Our example is continued in the table below, which shows how to calculate the 1st year recapture amount. In the example, it is assumed that maintenance payments totaled $75,000 for the 1st year.

Calculating the 1st Year Recapture Amount
2nd Year Maintenance Payments $50,000
3rd Year Maintenance Payments + $25,000
2nd Year Recapture Amount - $10,000
$65,000
Divide by 2 % 2
2nd and 3rd Year Average Payment $32,500
1st Year Maintenance Payments $75,000
2nd and 3rd Year Average Payment - $32,500
Threshold - $15,000
1st Year Recapture Amount $27,500
Total Recapture Amount

Don't sweat, the hard part is done. To calculate the total recapture amount, simply add the 1st and 2nd years recapture amounts together. In the third year, the maintenance payor must include that amount back into their gross income for federal income tax purposes and the maintenance recipient may deduct that amount from their gross income for federal income tax purposes. The table below shows the total recapture amount for our example.

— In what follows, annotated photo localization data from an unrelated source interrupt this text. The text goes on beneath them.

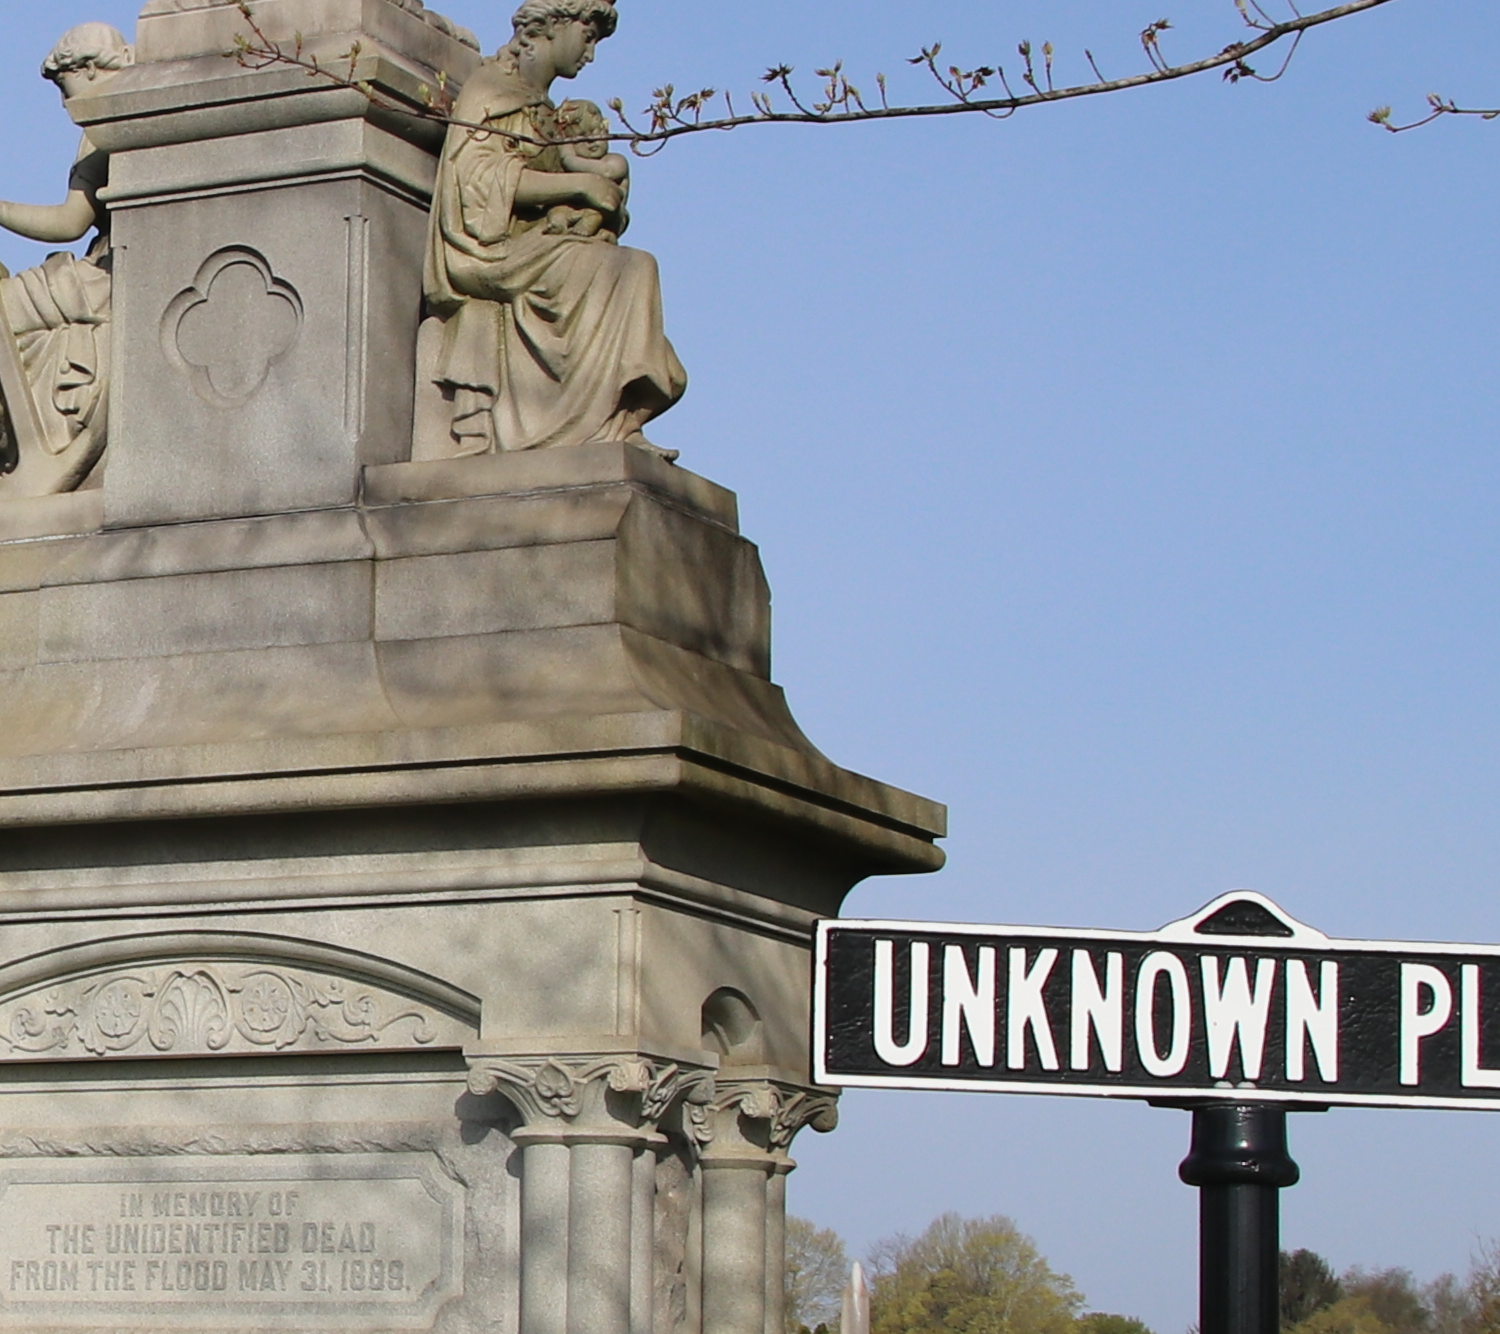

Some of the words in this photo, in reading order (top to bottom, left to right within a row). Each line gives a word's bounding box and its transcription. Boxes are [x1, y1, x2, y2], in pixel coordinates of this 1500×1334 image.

[873, 938, 1339, 1085] UNKNOWN
[119, 1193, 145, 1218] IN
[152, 1191, 260, 1217] MEMORY
[268, 1190, 300, 1216] OF
[46, 1224, 96, 1255] THE
[105, 1223, 291, 1255] UNIDENTIFIED
[300, 1222, 376, 1253] DEAD
[9, 1260, 80, 1292] FROM
[86, 1260, 138, 1292] THE
[144, 1260, 228, 1292] FLOOD
[237, 1259, 292, 1291] MAY
[300, 1260, 332, 1294] 31,
[340, 1259, 411, 1291] 1889.

Calculating the Total Recapture Amount
1st Year Recapture Amount $27,500
2nd Year Recapture Amount + $10,000
Total Maintenance Recapture $37,500

Maintenance Recapture Exceptions

The general rule is that if there are excess maintenance payments in the first three calendar years of maintenance payments following a separation or divorce then the excess will be recaptured during the third calendar year for federal income tax purposes. However, there are several important exceptions to this rule where the excess will not be recaptured. The exceptions to the maintenance recapture rule are defined in section 71(f) of the Internal Revenue Code. Let's take a look at each of the exceptions.

1. Where Maintenance Ceases by Reason of Death

Maintenance will not be recaptured if either spouse dies before the close of the 3rd post-separation year. Maintenance payments must stop by reason of such death.

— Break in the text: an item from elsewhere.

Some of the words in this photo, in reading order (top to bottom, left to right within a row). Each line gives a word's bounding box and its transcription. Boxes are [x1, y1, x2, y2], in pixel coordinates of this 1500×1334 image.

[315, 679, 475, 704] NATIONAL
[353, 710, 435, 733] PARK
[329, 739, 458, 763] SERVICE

2. Where Maintenance Ceases by Reason of Remarriage

Maintenance will not be recaptured if the spouse who is receiving maintenance remarries before the close of the 3rd post-separation year and maintenance payments stop because of the remarriage. This exception does not apply where maintenance payments stop because of the cohabitation of the recipient spouse.

3. Temporary Orders

Maintenance that is paid pursuant to a temporary order will not be recaptured. For example, a court may enter a temporary maintenance order during the pendency of a divorce case. Maintenance payments made under that order would not be subject to recapture.

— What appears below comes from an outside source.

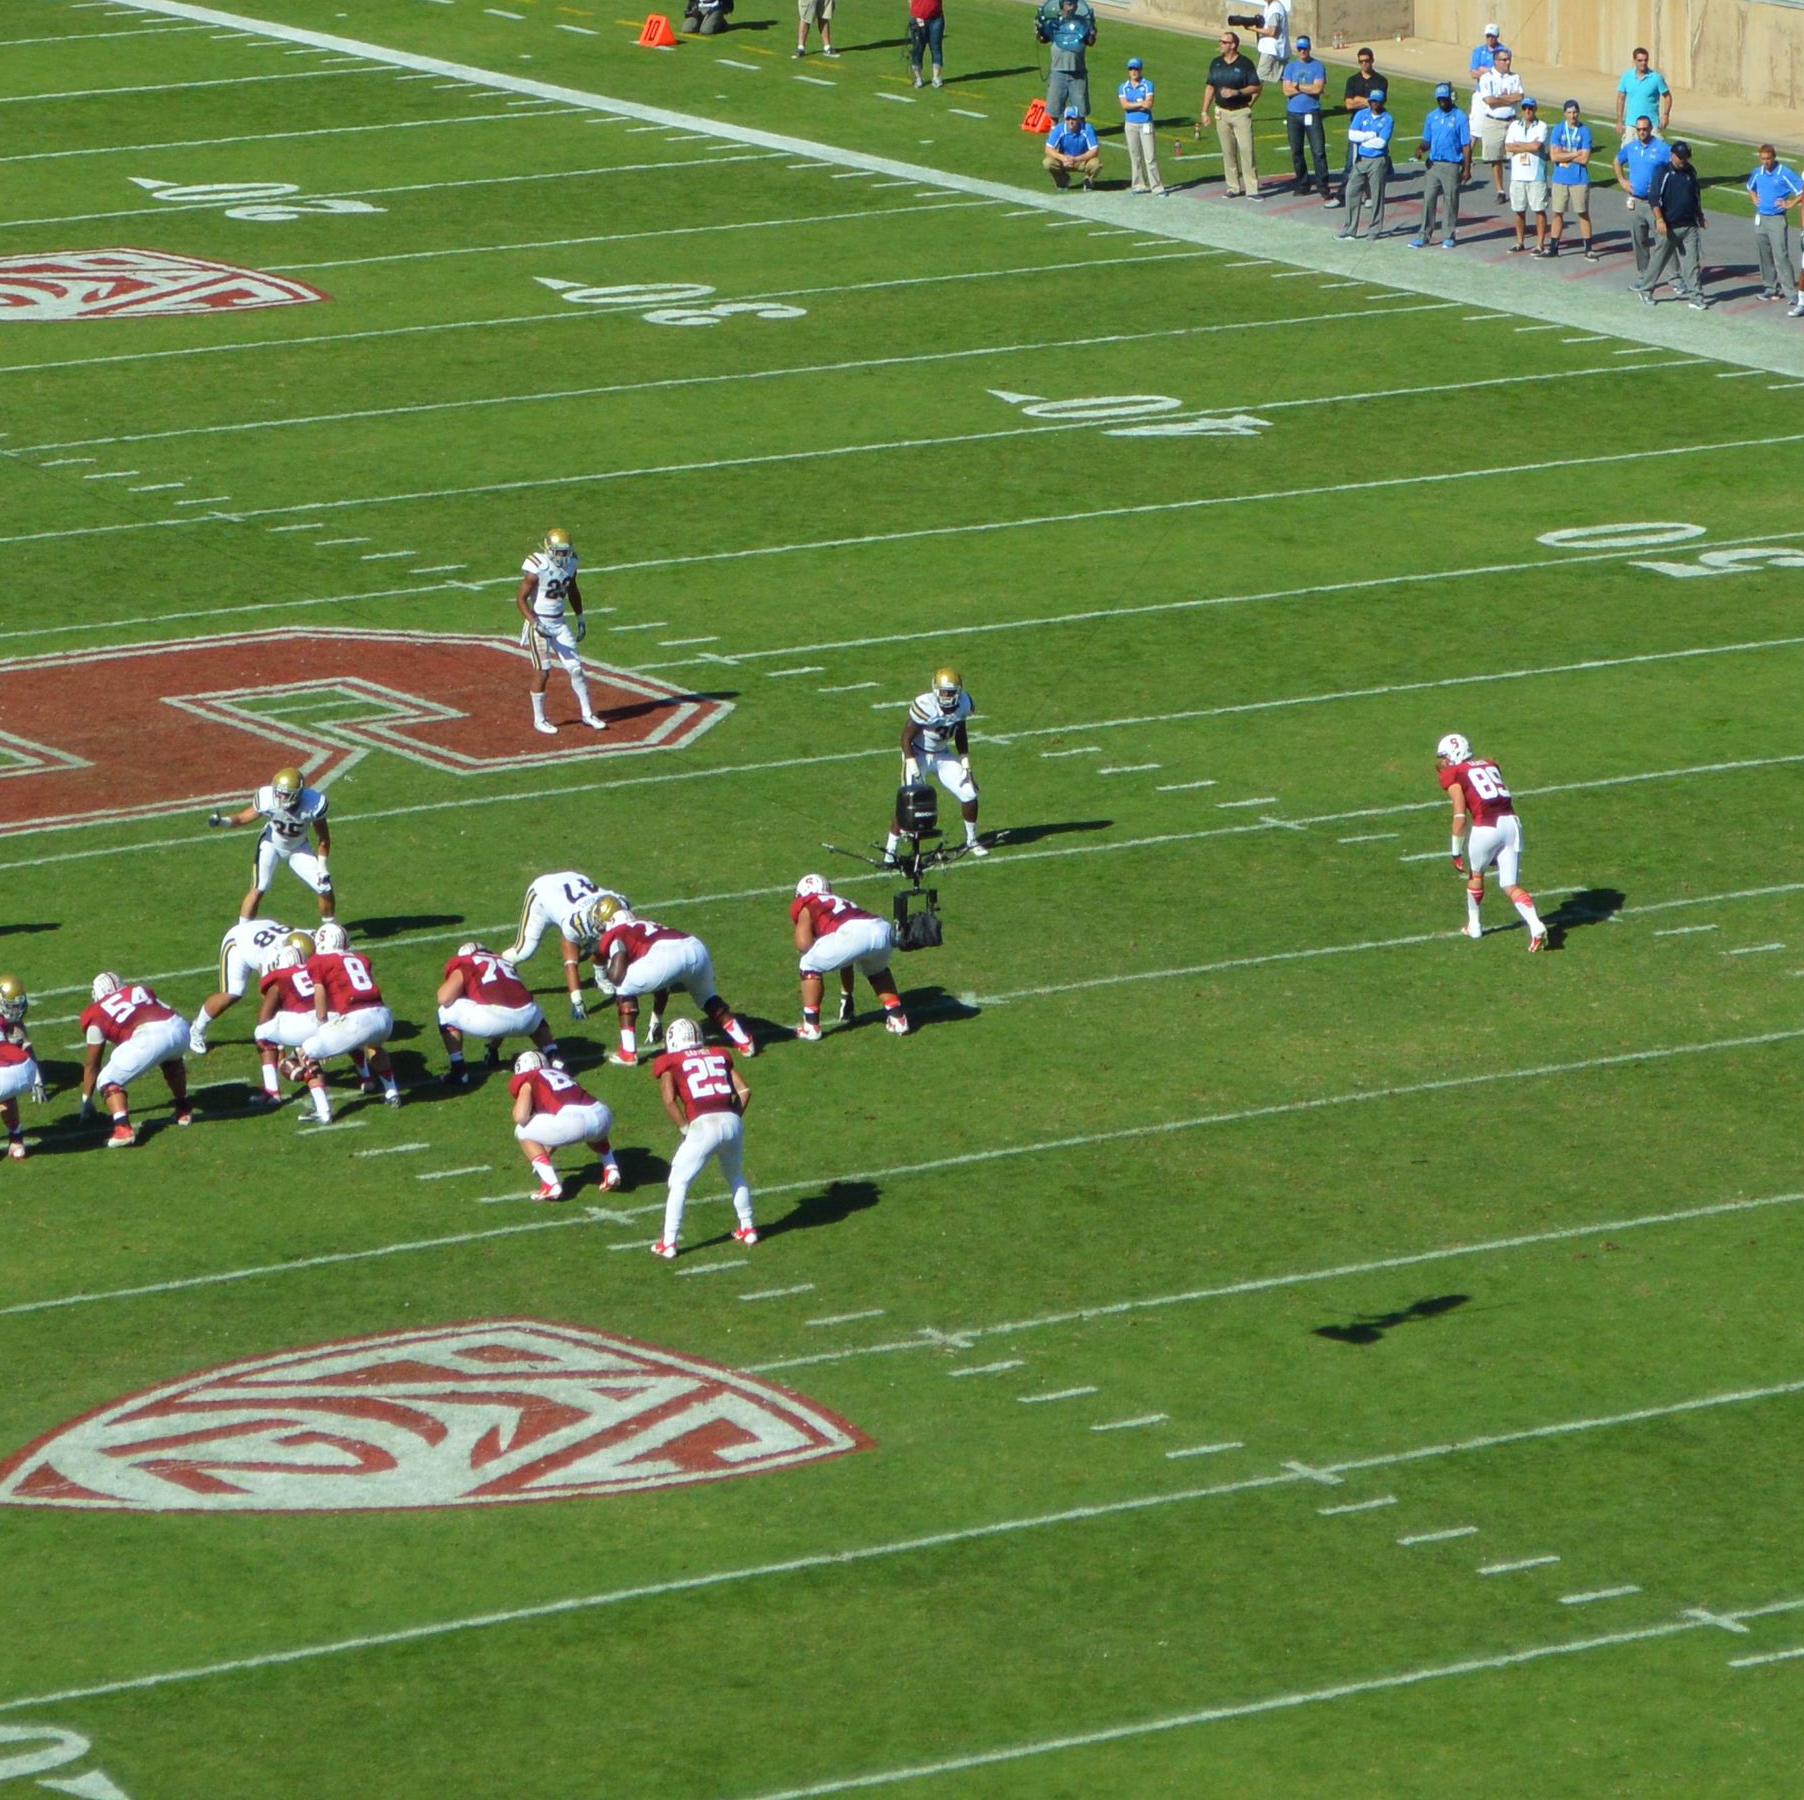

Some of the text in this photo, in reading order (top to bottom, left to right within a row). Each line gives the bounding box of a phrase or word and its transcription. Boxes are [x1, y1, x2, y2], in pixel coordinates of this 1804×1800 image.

4. Fluctuating Payments Not Within Control of Payor Spouse

Maintenance that is paid based on a fixed percentage of the maintenance payor’s income from their business, property, or employment compensation will not be recaptured. This obligation to pay a fixed portion must continue for at least 3 full (not calendar) years.

As you can see, there are only a few exceptions where excess front-loaded maintenance payments are not subject to recapture, and most of the exceptions are triggered where circumstances outside of the maintenance payor’s control cause the maintenance payments to decrease or stop. Nevertheless, knowledge of these exceptions is crucial for both maintenance payors and recipients.

Next Steps...

Although the math involved with calculating maintenance recapture amounts is not complex, if you are not reaching for this formula every day it can be hard to remember. There are several steps that must be followed and intermediate calculations that must be made.

At this point, further familiarize yourself with the formula by working through several examples on your own. Once you have gotten the hang of it, use the Maintenance (Alimony) Recapture Calculator to make all future maintenance recapture calculations. This will speed up your workflow and allow you to make maintenance recapture calculations with ease and confidence.